Masterclass: Branding and Value Propositions that Spark Growth
The ‘not so secret’ ingredients to success:
Now that you’ve identified your company’s values, its mission and your vision for its future — it is time to define your brand and develop your value proposition.
But first, here’s a quick review of terms to make sure we’re all on the same page before we get into why defining your brand and developing a value proposition will help you market and grow your business.
Brand: also known as a ‘brand name’ is any word, design, sound, shape, or color, or combination of these used to distinguish a seller’s goods or services from its competitors in the eyes of the customer.
Branding: the term ‘branding’ was first associated with cattle ranchers burning a mark on steer so that a rancher could identify his steer from those owned by another rancher.
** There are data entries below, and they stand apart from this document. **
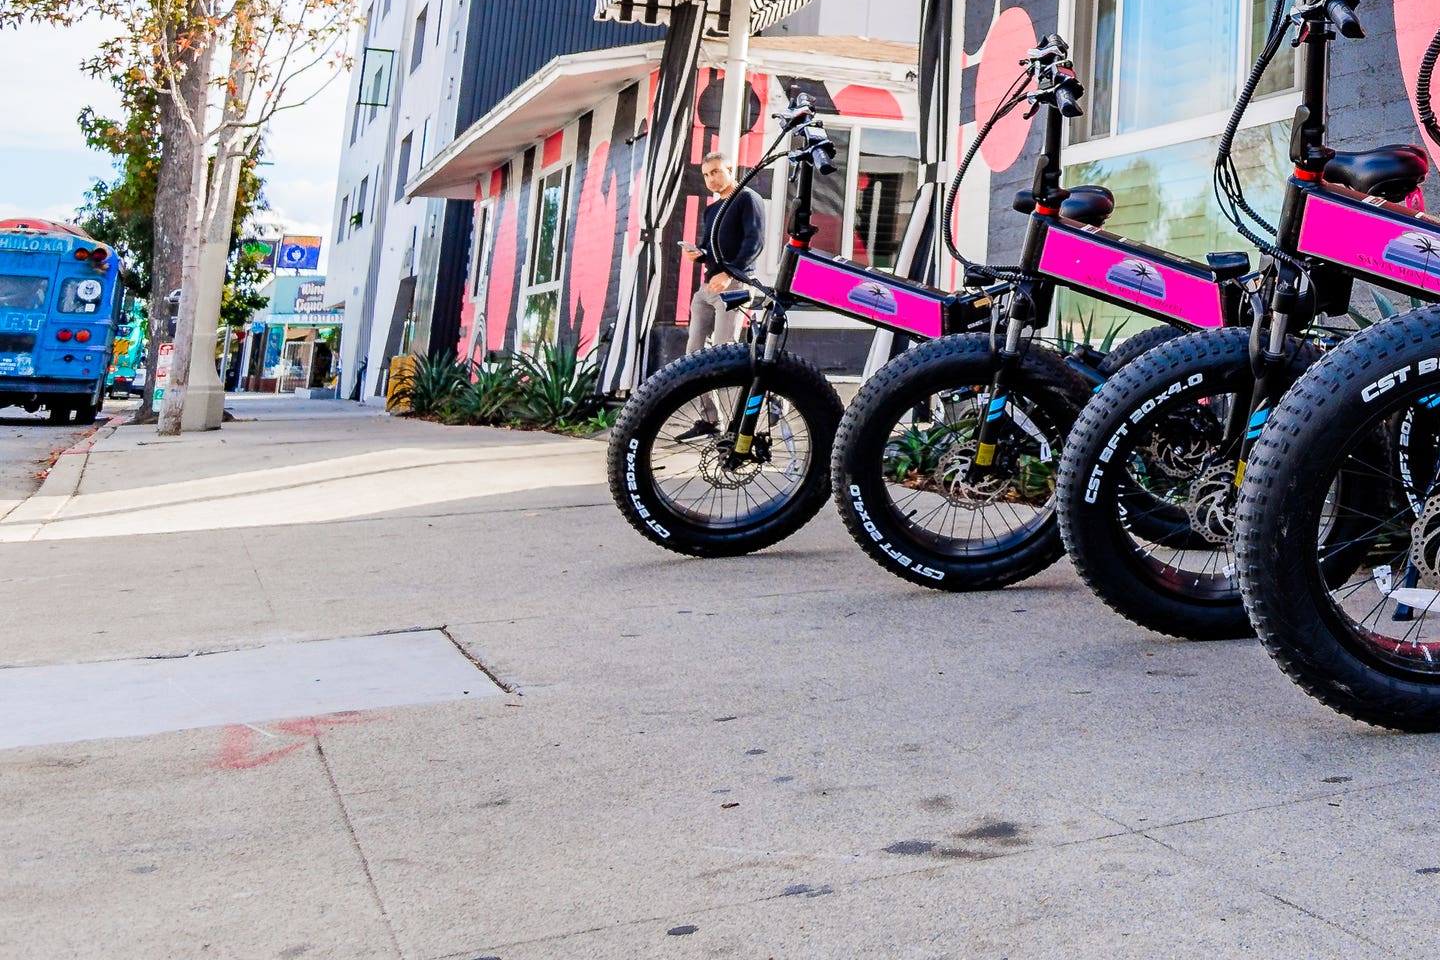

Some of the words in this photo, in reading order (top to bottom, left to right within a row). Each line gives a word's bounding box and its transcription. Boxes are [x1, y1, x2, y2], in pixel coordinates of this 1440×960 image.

[1360, 365, 1412, 404] CST
[1084, 463, 1105, 504] CST
[1099, 422, 1129, 464] BFT
[630, 492, 651, 519] BFT
[645, 518, 671, 539] CST
[879, 542, 913, 567] BFT
[910, 563, 946, 581] CST
Branding products and services keeps with this principle; a company burns its brand image in the minds of consumers.
Brand Equity: this is the evidence that a brand (or words/design) used to distinguish a company’s products is strong. It is the added value a brand name gives to a product beyond the functional benefits provided. Think Coca Cola, Nike, eBay etc. Having strong brand equity usually means:
* a company can charge higher prices because it has higher perceived quality,
* it will give a company more trade leverage with distributors and retailers,
* it can reduce marketing costs because of an already high level of consumer brand awareness and loyalty.
Value Proposition: is a brief and simple statement that explains all of the benefits that will be delivered to the customer. These benefits might be qualitative (example customer experience) or quantitative (example price). Elements that contribute to creating value for customers include:
* Cost Reduction
How to define your Brand:
To help you figure out the basics of your brand answer these simple questions:
* What is your company’s mission?
* What qualities do you want customers to associate with your company?
* What benefits and features are you offering?
* What words do you use to distinguish yourself from the competion?
* What colors, design, sound or shapes describe your company?
Value Propositions made simple:
Value propositions are important to clarify at the start of any marketing activity because a product or service with a strong value proposition is directly linked to actual and sustained sales performance. If you can’t put into word’s why you’re so special then you will struggle to sell yourself to customers. To be able to understand why you are so special, you should have also defined your brand before going into why it is the absolute best choice on the market to customers.
Here are some popular value proposition examples from technology brands you know (and might even already love!):
* Bitly: Shorten. Share. Measure.
* MacBook: Light. Years ahead.
* MailChimp: Send Better Email.
* Skype: Skype keeps the world talking for free. Share, message and call — now with group video on mobile and tablet too.
* Weebly: The Easiest Way to Make a Website.
Drafting a value proposition might seem overwhelming at first but you can work through a few basic questions to get started:
* Are you solving an urgent problem?
* Is there currently a lack of viable solutions to this problem on the market?
* Is the problem you’re solving unavoidable?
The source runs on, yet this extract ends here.